The comedy front did bring supporting nominations for Alan Arkin as foul-mouthed grandfather and Abigail Breslin as a girl obsessed with beauty pageants in "Little Miss Sunshine," though the film's three key performers, Greg Kinnear, Toni Collette and Steve Carell, were overlooked.
Ten-year-old Abigail Breslin became the fourth-youngest actress ever nominated.
The supporting actor category also includes former boy band singer Mark Wahlberg as a caustic cop in "The Departed," his scene-stealing performance outshining his higher-billed co-stars including DiCaprio, Jack Nicholson and Matt Damon.
The supporting actress nominees also included Australia's Cate Blanchett for "Notes on a Scandal" along with Breslin, Barraza, Hudson and Kikuchi.
With five blacks, two Hispanics and an Asian, it was the most ethnically diverse lineup ever among the 20 acting nominees. After decades in which the Oscars were a virtual whites-only club, with minority actors only occasionally breaking into the field, the awards have featured a much broader mix of nominees in the last few years.
Black actors in particular have come into their own, with Oscar wins by Halle Berry, Denzel Washington, Jamie Foxx and Morgan Freeman, and three of the four acting front-runners this year.
Asians and Hispanics still lag behind, though nominations for Cruz, Barraza and Kikuchi are signs that Hollywood is making strides toward greater diversity.
While Cruz's "Volver," from Spanish director and past Oscar darling Pedro Almodovar, was shut out for foreign-language picture, another Hispanic film scored well. Mexican director Guillermo del Toro's "Pan's Labyrinth" was nominated for foreign-language film, original screenplay, cinematography, score, art direction and makeup.
"If each one of them got nominated on their own, that would be great, but the fact that they all did ... that's just too much for one little girl this early in the morning," said Mexican actress Salma Hayek, an Oscar nominee for 2002's "Frida," who helped announced the nominees Tuesday morning.
The other nominees for best foreign-language film were Denmark's "After the Wedding," Algeria's "Days of Glory (Indigenes)," Germany's "The Lives of Others," and Canada's "Water."
Mexican filmmaker Alejandro Gonzalez Inarritu earned a best-director nomination for "Babel."
Inarritu and Scorsese were joined in the best-director category by Clint Eastwood for "Letters from Iwo Jima," and two Britons, Stephen Frears for "The Queen," and Paul Greengrass for the Sept. 11 docudrama "United 93."
"If you get put in a list with those guys you've done pretty well." Frears told BBC television in talking about fellow nominees Eastwood and Scorsese, reports AP.
"Dreamgirls" looked as though it might follow 2002's "Chicago" as a rare musical to win best-picture, but like last year's music-themed Johnny Cash biopic "Walk the Line" it was a startling omission from the Oscar's top category.
While Murphy and Hudson made it into the supporting categories, lead players Jamie Foxx and Beyonce Knowles and director Bill Condon were left out.
Three of "Dreamgirls" eight nominations came in a single category for original song.
Two-time best-picture and director winner Eastwood's "Letters from Iwo Jima" had been considered a longshot and may have been the film that denied "Dreamgirls" its chance at the top trophy.
Eastwood continued his late-career surge and Oscar magic with the four nominations for the Japanese-language "Letters," including original screenplay.

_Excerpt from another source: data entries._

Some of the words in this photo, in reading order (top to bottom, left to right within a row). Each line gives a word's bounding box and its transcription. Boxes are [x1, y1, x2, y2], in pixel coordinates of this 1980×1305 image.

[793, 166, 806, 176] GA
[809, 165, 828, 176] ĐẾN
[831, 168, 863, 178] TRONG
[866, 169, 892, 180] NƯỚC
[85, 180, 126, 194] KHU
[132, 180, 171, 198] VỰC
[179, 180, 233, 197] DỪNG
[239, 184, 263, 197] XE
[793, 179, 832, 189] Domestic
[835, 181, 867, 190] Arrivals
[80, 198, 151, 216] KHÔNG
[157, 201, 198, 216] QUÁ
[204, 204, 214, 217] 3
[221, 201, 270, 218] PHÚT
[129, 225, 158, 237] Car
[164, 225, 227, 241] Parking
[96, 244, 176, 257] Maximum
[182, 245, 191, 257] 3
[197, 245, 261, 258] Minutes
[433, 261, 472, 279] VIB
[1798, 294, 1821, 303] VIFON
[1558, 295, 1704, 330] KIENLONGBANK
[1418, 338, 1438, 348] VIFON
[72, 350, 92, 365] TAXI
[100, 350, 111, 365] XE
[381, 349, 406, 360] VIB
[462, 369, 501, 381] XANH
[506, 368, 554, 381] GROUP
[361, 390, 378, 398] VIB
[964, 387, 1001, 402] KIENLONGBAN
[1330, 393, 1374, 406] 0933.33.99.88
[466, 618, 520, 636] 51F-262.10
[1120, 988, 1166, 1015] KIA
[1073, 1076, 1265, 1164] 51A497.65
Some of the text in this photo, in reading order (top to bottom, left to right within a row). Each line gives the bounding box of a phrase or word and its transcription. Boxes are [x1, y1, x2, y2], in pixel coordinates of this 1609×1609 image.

His World War II companion film "Flags of Our Fathers" also had two technical nominations, including sound editing in which it will compete against "Letters."
Also in the sound editing category is Mel Gibson's violent tale of the ancient Mayan civilization "Apocalypto," which had three nominations.
The year's top-grossing movie, "Pirates of the Caribbean: Dead Man's Chest," grabbed four nominations in technical categories, including visual effects.